On 30.04.21 21:52, Michel Lespinasse wrote:
This patchset is my take on speculative page faults (spf).
It builds on ideas that have been previously proposed by Laurent Dufour,
Peter Zijlstra and others before. While Laurent's previous proposal
was rejected around the time of LSF/MM 2019, I am hoping we can revisit
this now based on what I think is a simpler and more bisectable approach,
much improved scaling numbers in the anonymous vma case, and the Android
use case that has since emerged. I will expand on these points towards
the end of this message.
The patch series applies on top of linux v5.12;
a git tree is also available:
git fetch https://github.com/lespinasse/linux.git v5.12-spf-anon
I believe these patches should be considered for merging.
My github also has a v5.12-spf branch which extends this mechanism
for handling file mapped vmas too; however I believe these are less
mature and I am not submitting them for inclusion at this point.
Compared to the previous (RFC) proposal, I have split out / left out
the file VMA handling parts, fixed some config specific build issues,
added a few more comments and modified the speculative fault handling
to use rcu_read_lock() rather than local_irq_disable() in the
Classical page fault processing takes the mmap read lock in order to
prevent races with mmap writers. In contrast, speculative fault
processing does not take the mmap read lock, and instead verifies,
when the results of the page fault are about to get committed and
become visible to other threads, that no mmap writers have been
running concurrently with the page fault. If the check fails,
speculative updates do not get committed and the fault is retried
in the usual, non-speculative way (with the mmap read lock held).
The concurrency check is implemented using a per-mm mmap sequence count.

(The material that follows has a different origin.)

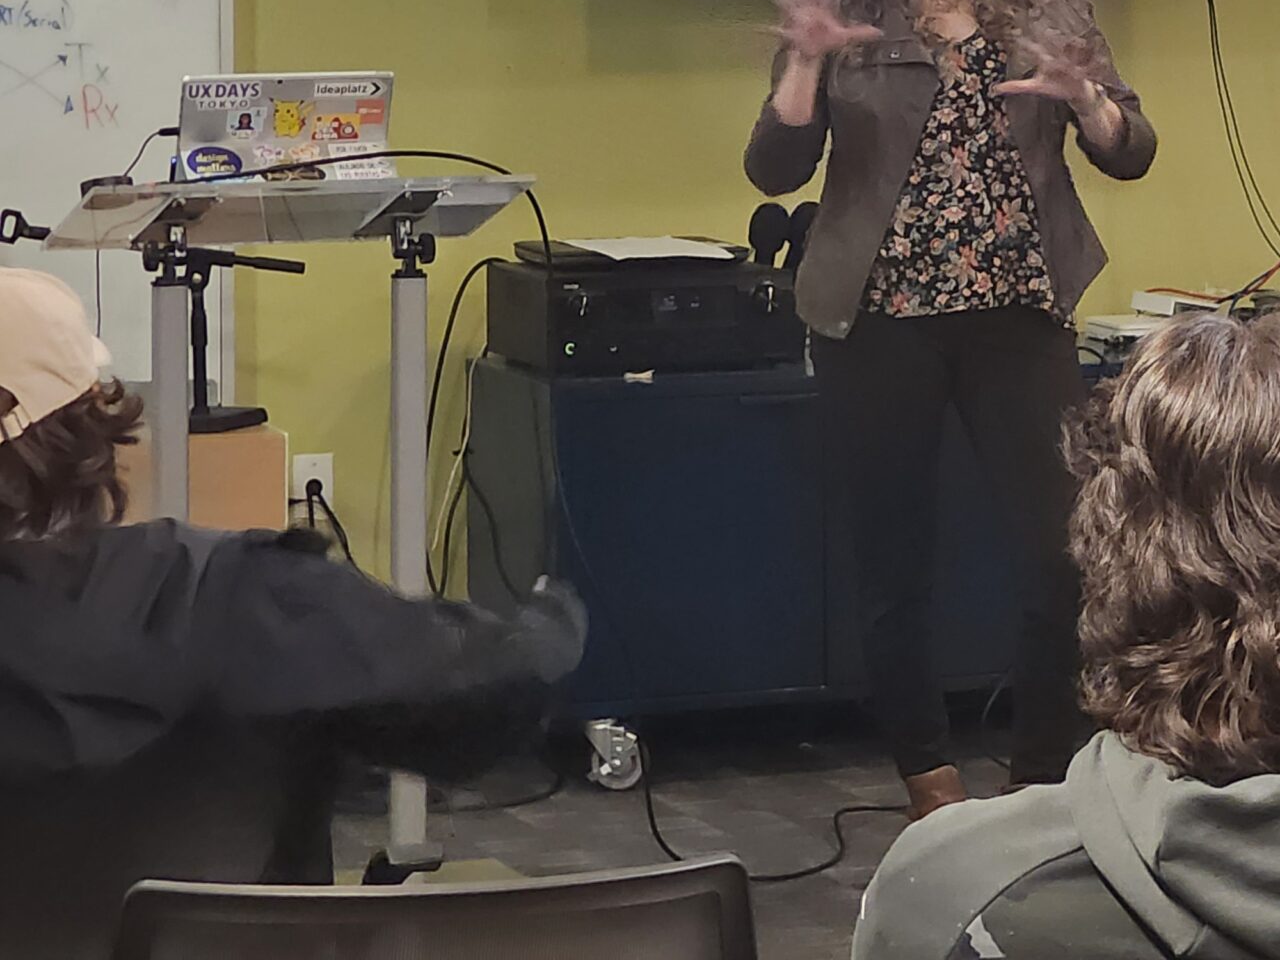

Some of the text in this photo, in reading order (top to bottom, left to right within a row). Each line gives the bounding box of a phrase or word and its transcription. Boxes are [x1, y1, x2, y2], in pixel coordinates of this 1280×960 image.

[188, 83, 260, 98] UX DAYS
[316, 84, 368, 95] Ideaplatz
[199, 100, 248, 109] TOKYO

The counter is incremented at the beginning and end of each mmap write
operation. If the counter is initially observed to have an even value,
and has the same value later on, the observer can deduce that no mmap
writers have been running concurrently with it between those two times.
This is similar to a seqlock, except that readers never spin on the
counter value (they would instead revert to taking the mmap read lock),
and writers are allowed to sleep. One benefit of this approach is that
it requires no writer side changes, just some hooks in the mmap write
lock APIs that writers already use.
The first step of a speculative page fault is to look up the vma and
read its contents (currently by making a copy of the vma, though in
principle it would be sufficient to only read the vma attributes that
are used in page faults). The mmap sequence count is used to verify
that there were no mmap writers concurrent to the lookup and copy steps.
Note that walking rbtrees while there may potentially be concurrent
writers is not an entirely new idea in linux, as latched rbtrees
are already doing this. This is safe as long as the lookup is
followed by a sequence check to verify that concurrency did not
actually occur (and abort the speculative fault if it did).
The next step is to walk down the existing page table tree to find the
current pte entry. This is done with interrupts disabled to avoid
races with munmap(). Again, not an entirely new idea, as this repeats
a pattern already present in fast GUP. Similar precautions are also
taken when taking the page table lock.
I just started working on a project to reclaim page tables inside
running processes that are no longer needed (for example, empty after
madvise(DISCARD)). Long story short, there are scenarios where we want
to scan for such page tables asynchronously to free up memory (which can
be quite significant in some use cases).
Now that I (mostly) understood the complex locking, I'm looking for
other mm features that might be "problematic" in that regard and require
properly planning to get right (or let them run mutually exclusive).
As I essentially rip out page tables from the page table hierarchy to
free them (in the simplest case within a VMA to get started), I
certainly need the mmap lock in read right now to scan the page table
hierarchy, and the mmap lock in write when actually removing a page
table. This is similar handling as khugepagd when collapsing a THP and
removing a page table. Of course, we could use any kind of
synchronization mechanism (-> rcu) to make sure nobody is using a page
table anymore before actually freeing it.
1. I now wonder how your code actually protects against e.g., khugepaged
and how it could protect against page table reclaim. Will we be using
RCU while walking the page tables? That would make life easier.
2. You mention "interrupts disabled to avoid races with munmap()". Can
you elaborate how that is supposed to work? Shouldn't we rather be using
RCU than manually disabling interrupts? What is the rationale?